An einem Tag im April unternahm ein Mann in der japanischen Millionenstadt Kawasaki das Unvorstellbare. Takehiro Shimada schloss seine 7-Eleven-Filiale. Japans Convenience-Stores, die sogenannten Konbini, sind rund um die Uhr geöffnet und ein fester Bestandteil der nationalen Infrastruktur. Vor Covid-19 hatte Shimada, wie er der New York Times versicherte, in über 20 Jahren nur ein einziges Mal geschlossen - zur Renovierung. Es brauchte eine Pandemie, damit der rigide Konzern seinen Ablegern den Segen zum Schließen erteilte.

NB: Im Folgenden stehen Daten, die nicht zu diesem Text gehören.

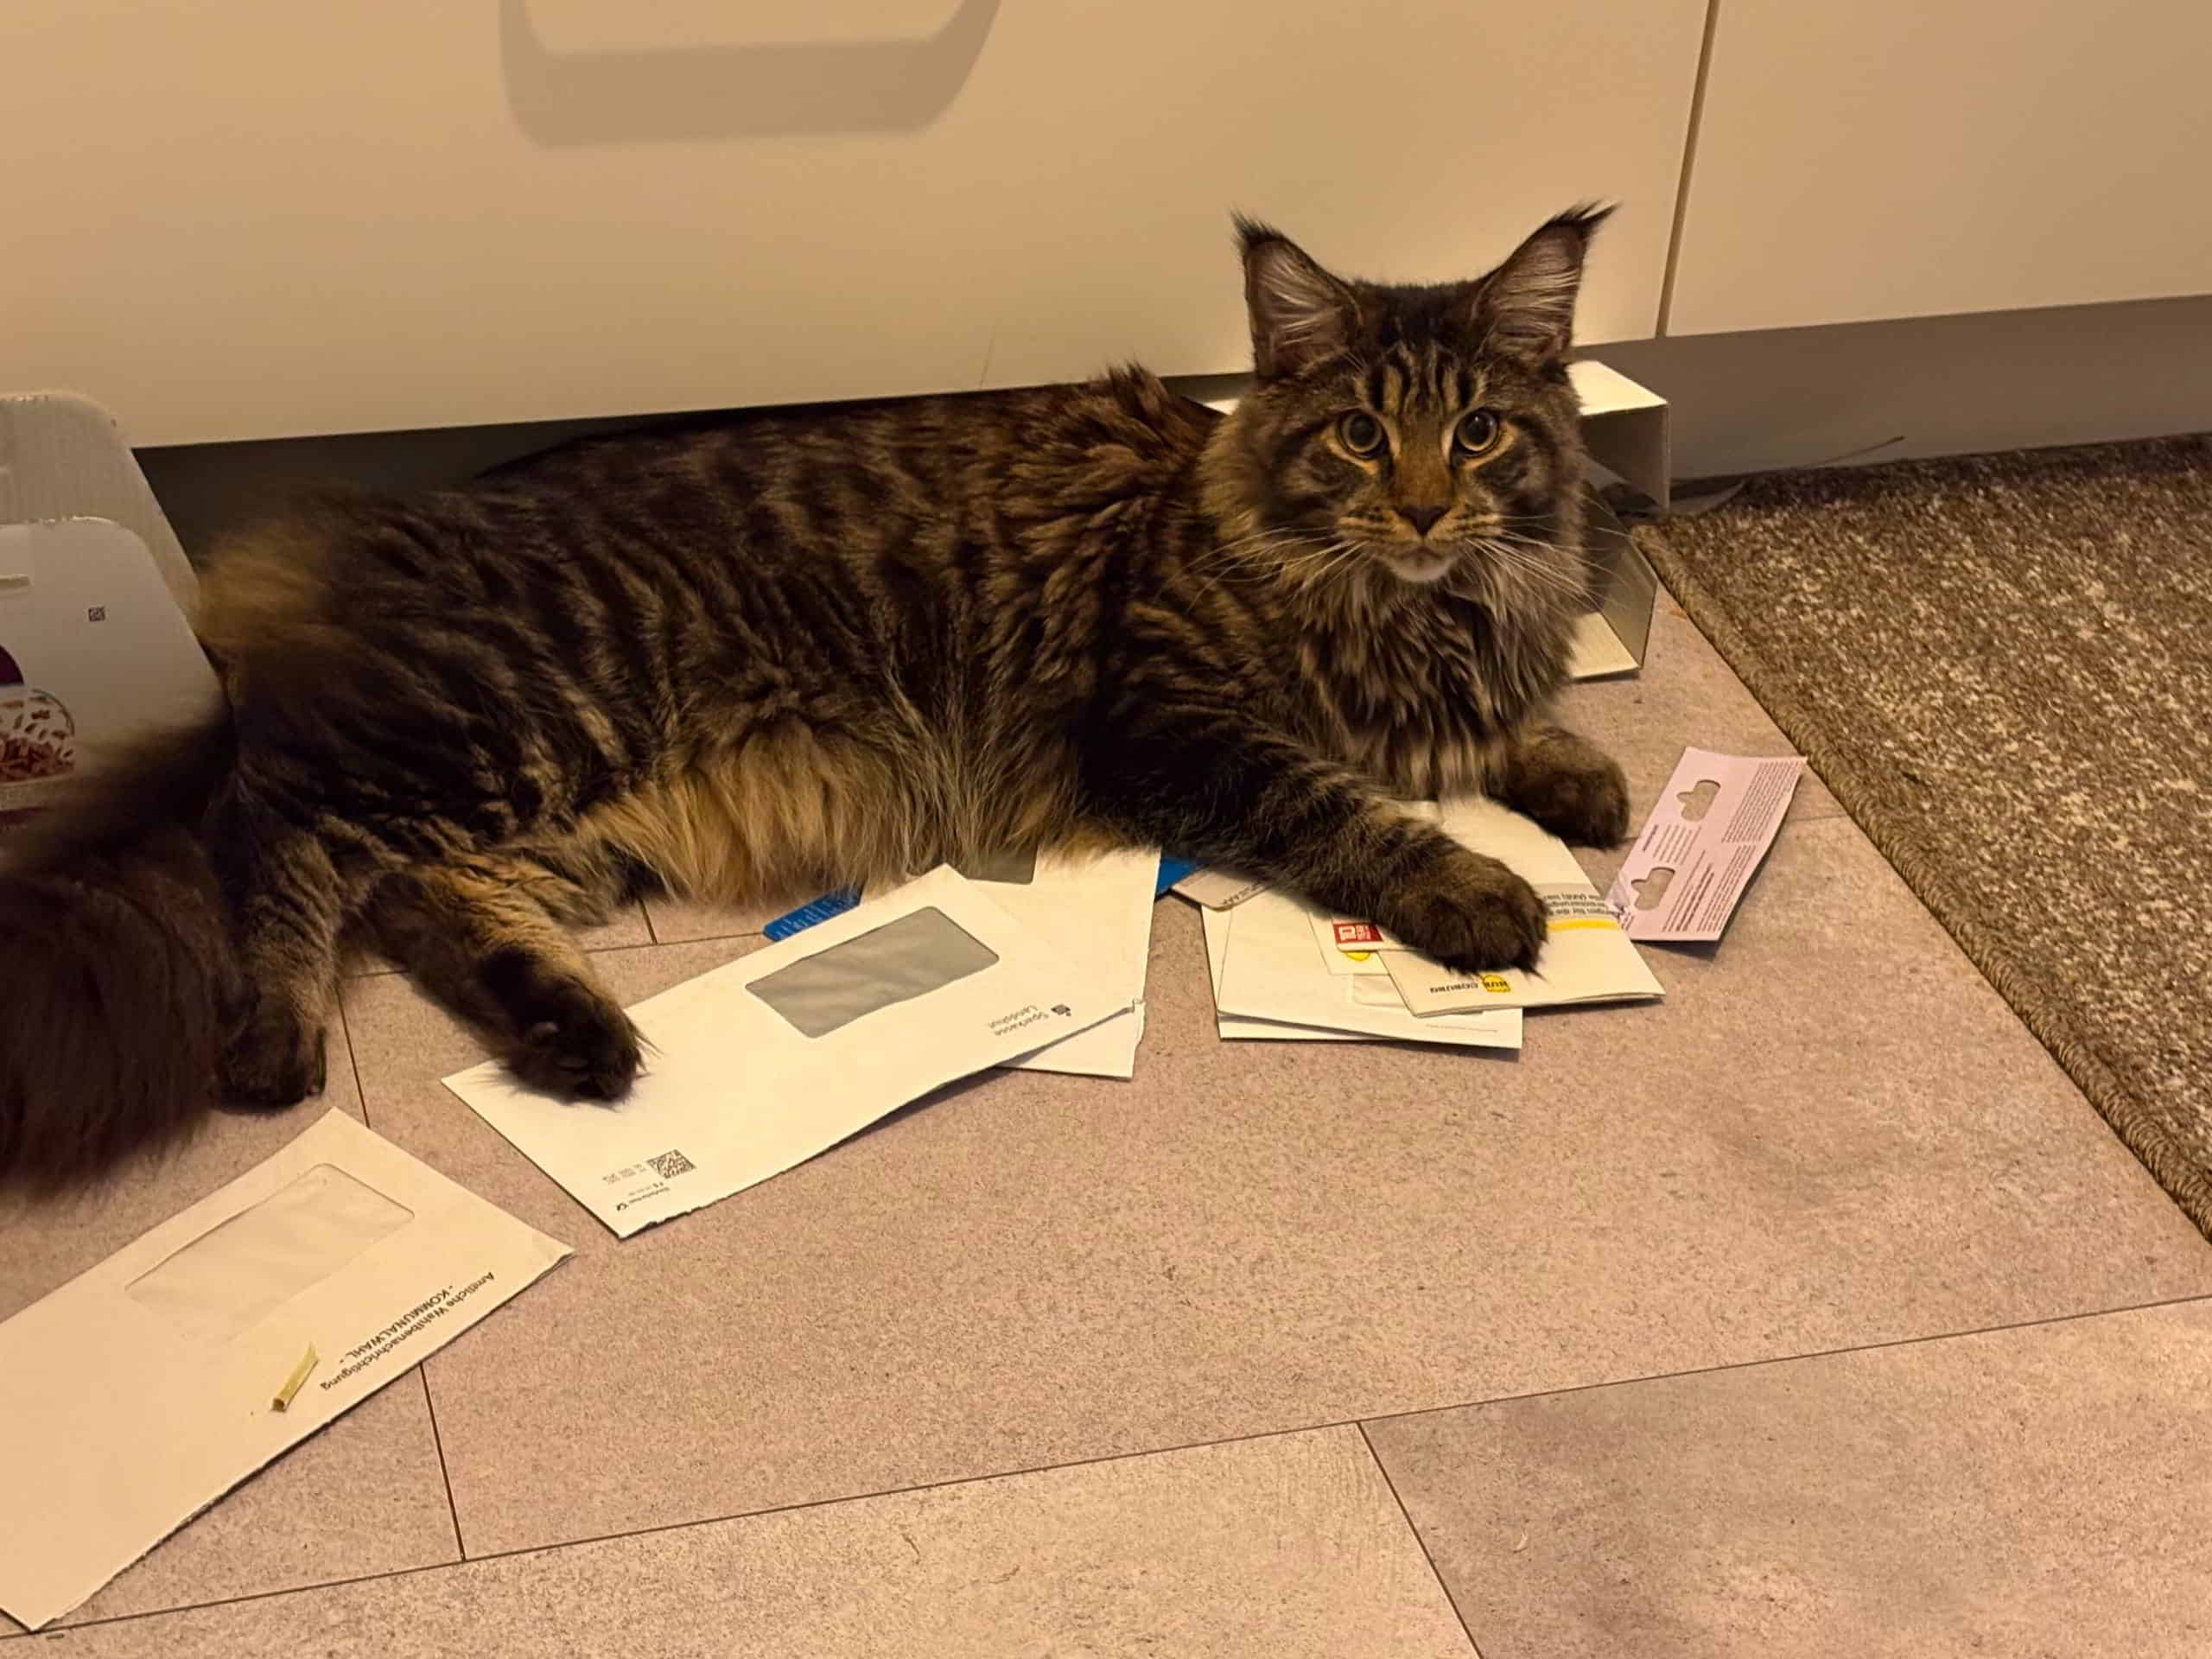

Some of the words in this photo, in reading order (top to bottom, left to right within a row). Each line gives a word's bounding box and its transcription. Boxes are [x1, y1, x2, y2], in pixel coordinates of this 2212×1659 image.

[345, 1287, 451, 1361] KOMMUNALWAHL
[445, 1271, 495, 1308] Amtliche
[319, 1306, 450, 1390] Wahlbenachrichtigung
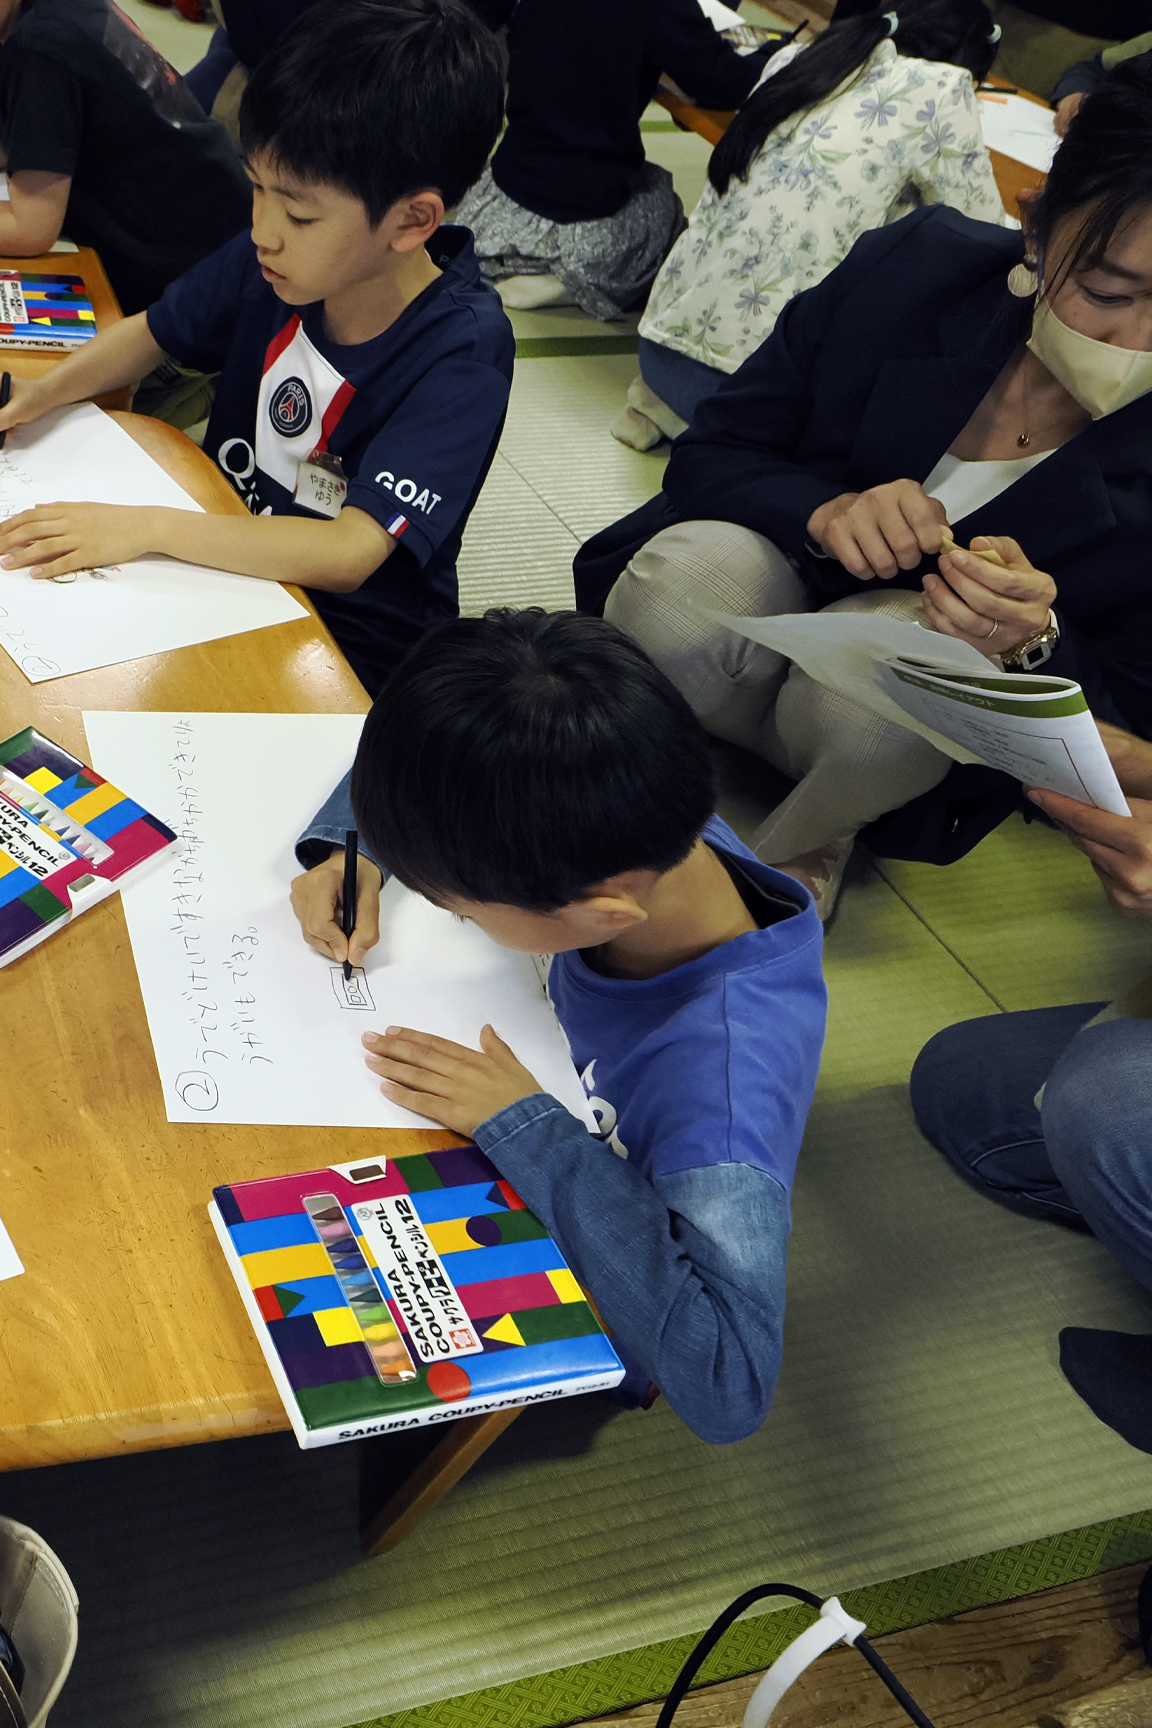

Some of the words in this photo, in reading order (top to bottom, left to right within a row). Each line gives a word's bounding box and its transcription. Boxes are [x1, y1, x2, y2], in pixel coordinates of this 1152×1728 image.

Was wohl die Heldin aus Sayaka Muratas Roman "Die Ladenhüterin" davon gehalten hätte? In dem Buch, das 2016 erschienen ist und aus dem Nichts zum Weltbestseller avancierte, findet eine Frau, die sich von kleinauf als Sonderling versteht und nicht so recht weiß, was all diese gesellschaftlichen Konventionen für einen Sinn haben, ihren Frieden, indem sie diesen Konventionen exakt entspricht und auf diese Weise zur ideal angepassten Durchschnittsjapanerin wird. Ihre Suche nach der maximalen gesellschaftlichen Widerstandslosigkeit führt sie in die so allgegenwärtigen wie unsichtbaren Position der Konbini-Verkäuferin. Sie kaschiert ihr Anderssein durch die absolute Anpassung. Denn, in ihren eigenen Worten: "Normalität setzt sich gewaltsam durch." Wie seltsam jene Menschen, die sich für normal halten, aber in Wahrheit sind, offenbarte sich unter dem Blick von Muratas Heldin.
Sayaka Murata, 1979 geboren, hat selbst neben dem Schreiben jahrelang in einem Konbini gearbeitet. Mit ihrem so luziden wie subversiven Roman traf sie einen Nerv in ihrem Heimatland: Er wurde in Japan gut 600.000 mal verkauft, erhielt den renommiertesten Literaturpreis des Landes, den Akutagawa-Preis.
Nun ist ihr neuster Roman unter dem Titel "Das Seidenraupenzimmer" auf Deutsch erschienen. Er ist formal komplexer, sein Personal vielgestaltiger, die Stimmung düsterer. Es geht zwar wieder um Außenseitertum und die Erwartungen des Kollektivs an das Individuum. Doch der Fokus ist diesmal ein anderer. Im Kern geht es um weibliche Selbstbestimmung und die Verästelungen des patriarchalen Gesellschaftssystems.